The etiology of the meniscal ossicle is uncertain, but these may be post traumatic or vestigial structures which can be asymptomatic or can be associated with local pain. They occur most commonly in the posterior horn of the medial meniscus, and on plain films (11a), are often mistaken for loose bodies. MRI is able to demonstrate the typical intrameniscal location of a meniscal ossicle (12a), and can be used to identify the occasional associated meniscal tear.
The anterior horn lateral meniscus/ anterior lateral meniscal root can have a ‘speckled or spotty” appearance in up to 60% of patients, which is likely secondary to the adjacent/crossing fibers of the anterior cruciate ligament insertion.6 This ‘speckled” appearance can mimic a tear of the anterior horn lateral meniscus (13a).

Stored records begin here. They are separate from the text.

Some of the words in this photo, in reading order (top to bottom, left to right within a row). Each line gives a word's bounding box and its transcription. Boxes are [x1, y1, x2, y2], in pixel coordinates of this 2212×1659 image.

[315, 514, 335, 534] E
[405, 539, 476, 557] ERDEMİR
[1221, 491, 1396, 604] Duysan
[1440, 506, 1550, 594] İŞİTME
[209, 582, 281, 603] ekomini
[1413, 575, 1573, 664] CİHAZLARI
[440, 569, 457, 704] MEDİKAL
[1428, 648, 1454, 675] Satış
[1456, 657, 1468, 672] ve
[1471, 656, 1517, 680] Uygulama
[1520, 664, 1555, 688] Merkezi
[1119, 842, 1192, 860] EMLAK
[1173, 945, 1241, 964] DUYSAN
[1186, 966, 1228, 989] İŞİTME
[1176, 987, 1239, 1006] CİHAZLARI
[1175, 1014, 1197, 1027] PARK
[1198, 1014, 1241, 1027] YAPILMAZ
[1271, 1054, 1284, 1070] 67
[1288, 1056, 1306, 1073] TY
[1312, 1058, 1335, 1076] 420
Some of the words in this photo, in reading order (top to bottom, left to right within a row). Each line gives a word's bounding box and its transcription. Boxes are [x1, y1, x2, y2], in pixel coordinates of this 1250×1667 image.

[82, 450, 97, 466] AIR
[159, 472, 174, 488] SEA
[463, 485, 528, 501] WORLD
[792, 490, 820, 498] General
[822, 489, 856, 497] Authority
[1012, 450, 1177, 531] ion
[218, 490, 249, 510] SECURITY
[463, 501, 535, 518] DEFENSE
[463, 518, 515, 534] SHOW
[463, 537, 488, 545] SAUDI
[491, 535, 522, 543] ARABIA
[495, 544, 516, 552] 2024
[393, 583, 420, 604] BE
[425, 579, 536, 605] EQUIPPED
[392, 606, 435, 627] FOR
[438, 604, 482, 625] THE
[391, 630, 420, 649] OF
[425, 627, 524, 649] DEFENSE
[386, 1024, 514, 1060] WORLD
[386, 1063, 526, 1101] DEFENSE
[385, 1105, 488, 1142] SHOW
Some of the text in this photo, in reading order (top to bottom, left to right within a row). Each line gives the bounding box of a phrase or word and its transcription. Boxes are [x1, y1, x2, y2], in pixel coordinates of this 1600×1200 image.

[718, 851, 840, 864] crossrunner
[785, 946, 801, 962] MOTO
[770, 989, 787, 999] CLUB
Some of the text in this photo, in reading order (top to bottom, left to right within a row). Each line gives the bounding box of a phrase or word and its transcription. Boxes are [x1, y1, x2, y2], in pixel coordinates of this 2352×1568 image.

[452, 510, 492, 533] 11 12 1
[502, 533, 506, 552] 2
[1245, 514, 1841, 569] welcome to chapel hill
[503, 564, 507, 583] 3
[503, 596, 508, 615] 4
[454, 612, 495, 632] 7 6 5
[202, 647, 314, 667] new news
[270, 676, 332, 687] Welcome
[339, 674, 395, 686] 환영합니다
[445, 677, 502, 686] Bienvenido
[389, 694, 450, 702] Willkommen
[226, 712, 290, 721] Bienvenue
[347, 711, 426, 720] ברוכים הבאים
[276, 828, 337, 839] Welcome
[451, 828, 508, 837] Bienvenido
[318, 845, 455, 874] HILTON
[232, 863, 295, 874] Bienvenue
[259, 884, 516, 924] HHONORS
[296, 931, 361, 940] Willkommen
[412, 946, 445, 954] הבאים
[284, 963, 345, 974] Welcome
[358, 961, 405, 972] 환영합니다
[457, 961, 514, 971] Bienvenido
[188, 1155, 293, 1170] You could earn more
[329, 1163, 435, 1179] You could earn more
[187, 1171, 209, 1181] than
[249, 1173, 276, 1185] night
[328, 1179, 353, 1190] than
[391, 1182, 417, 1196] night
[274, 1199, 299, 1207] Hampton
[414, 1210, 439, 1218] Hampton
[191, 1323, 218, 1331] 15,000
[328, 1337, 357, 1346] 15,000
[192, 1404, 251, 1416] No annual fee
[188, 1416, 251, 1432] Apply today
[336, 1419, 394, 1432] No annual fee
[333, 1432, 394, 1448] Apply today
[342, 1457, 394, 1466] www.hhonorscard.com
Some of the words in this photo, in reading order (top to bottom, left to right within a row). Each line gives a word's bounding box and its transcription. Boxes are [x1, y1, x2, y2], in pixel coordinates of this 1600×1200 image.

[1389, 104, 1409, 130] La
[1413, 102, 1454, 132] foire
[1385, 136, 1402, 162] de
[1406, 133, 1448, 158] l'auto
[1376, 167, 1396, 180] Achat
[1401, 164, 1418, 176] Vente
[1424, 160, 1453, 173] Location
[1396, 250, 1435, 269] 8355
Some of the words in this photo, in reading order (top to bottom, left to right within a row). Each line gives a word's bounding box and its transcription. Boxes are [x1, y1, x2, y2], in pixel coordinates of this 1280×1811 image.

High spatial resolution, excellent image contrast and multiplanar capabilities make MRI an excellent tool in the evaluation for meniscal tears. Normal anatomic variations and normal anatomic structures can mimic meniscal tears to the untrained observer. Knowledge and understanding of these “pitfalls” is integral in the accurate interpretation of MRI images of the knee, as false positive MRI interpretations can lead to inappropriate or unnecessary treatment.